Quantum computing without extreme cooling
Stanford University researchers announced a quantum device that operates at room temperature using twisted light. The device entangles photons and electrons without requiring the near-absolute-zero cooling that today's quantum computers need. The findings were published on May 28.
Most quantum computers from companies like IBM and Google require cooling to temperatures near absolute zero. This makes them large, expensive, and limited to specialized laboratories. The Stanford device uses a property of light called orbital angular momentum to create stable quantum connections at normal room temperatures.
The research team built a nanoscale device that generates twisted light and uses it to couple with electrons in a semiconductor material. The coupling creates entangled states that can store and process quantum information. The device is about 100 times smaller than current quantum processors.
How twisted light makes quantum connections work
Twisted light, also called light with orbital angular momentum, has a helical wavefront that spirals as it travels. The Stanford team found that this twisted property can transfer quantum information to electrons more efficiently than regular light. The electrons and photons become entangled, sharing a quantum state that can be used for computing.
The device uses a microscopic ring resonator etched into a silicon chip. Light traveling through the ring gains orbital angular momentum and interacts with electrons trapped in quantum dots nearby. The interaction creates a stable quantum interface that does not break down at room temperature.
Lead researcher Dr. Jelena Vuckovic said the team spent three years optimizing the device. The key insight was matching the angular momentum of the light to the spin properties of the electrons. When the two are aligned, the quantum connection remains stable even as the device warms up.

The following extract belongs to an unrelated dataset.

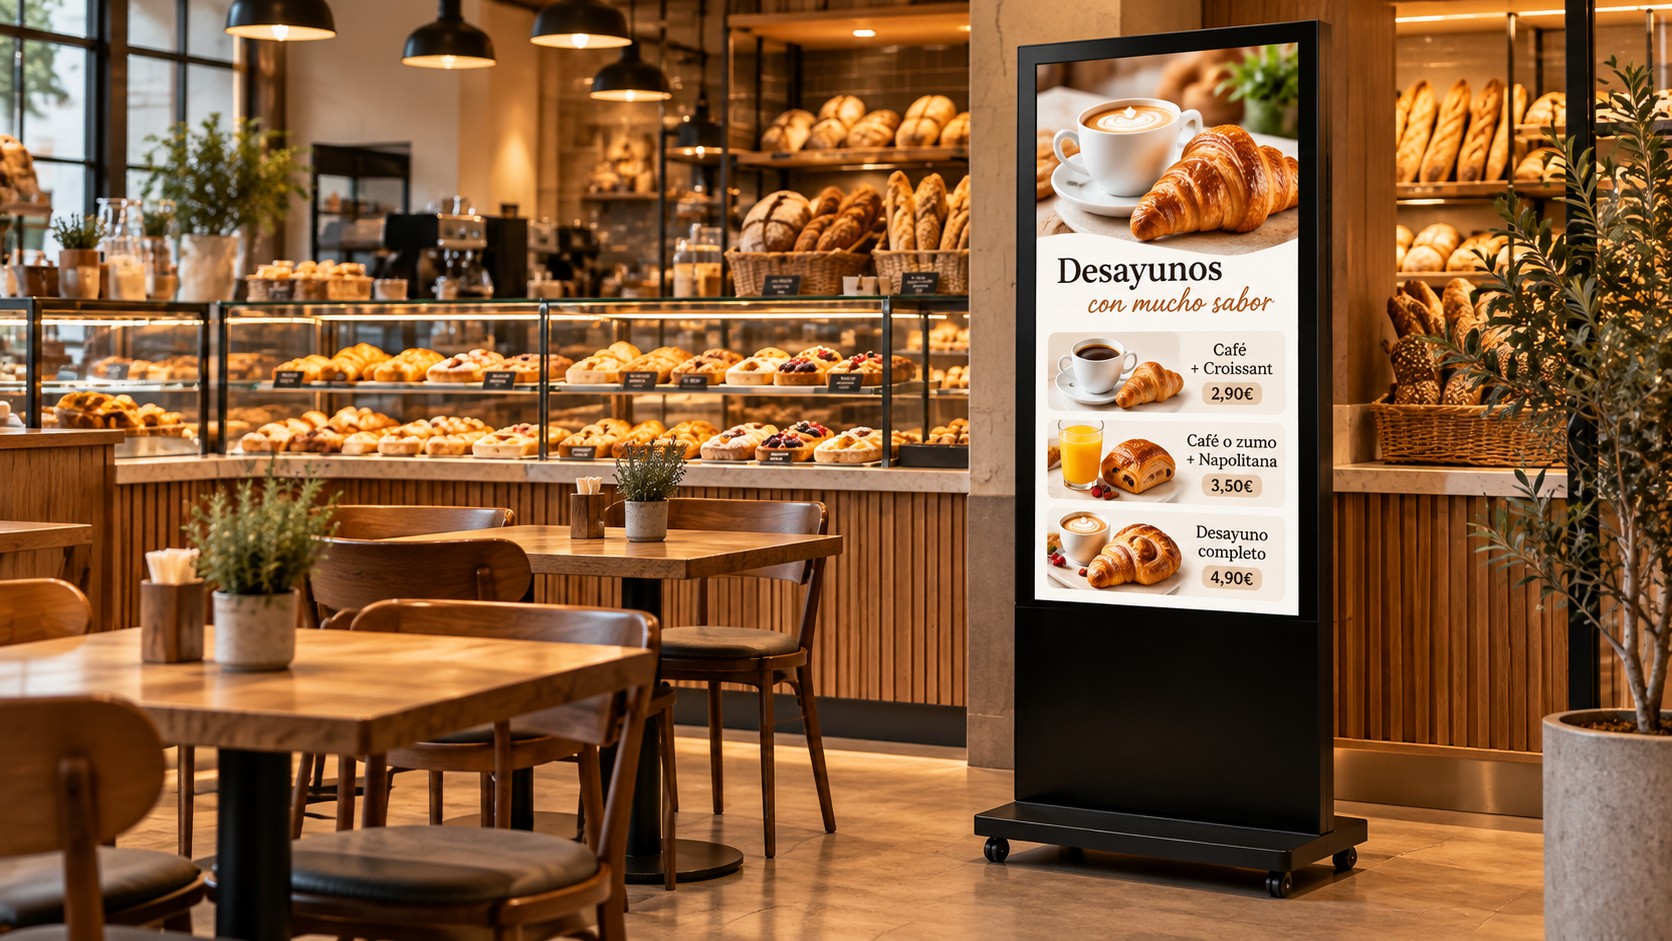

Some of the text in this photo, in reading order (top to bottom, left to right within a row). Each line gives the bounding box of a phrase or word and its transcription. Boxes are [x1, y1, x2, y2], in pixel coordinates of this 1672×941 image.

Applications beyond quantum computing
The room-temperature quantum device opens applications beyond computing. Quantum sensors using this technology could detect magnetic fields, chemical compounds, and biological signals with far greater sensitivity than current devices. Medical imaging could see sharper resolution for detecting tumors or mapping brain activity.
Quantum communication could also benefit. Room-temperature devices are easier to deploy in networks, making quantum encryption more practical for everyday use. The Stanford team is already working with partners to build a prototype quantum sensor for environmental monitoring.
The research was funded by the US Department of Energy and the National Science Foundation. The team has filed patents and is exploring commercial partnerships to bring the technology to market within three to five years.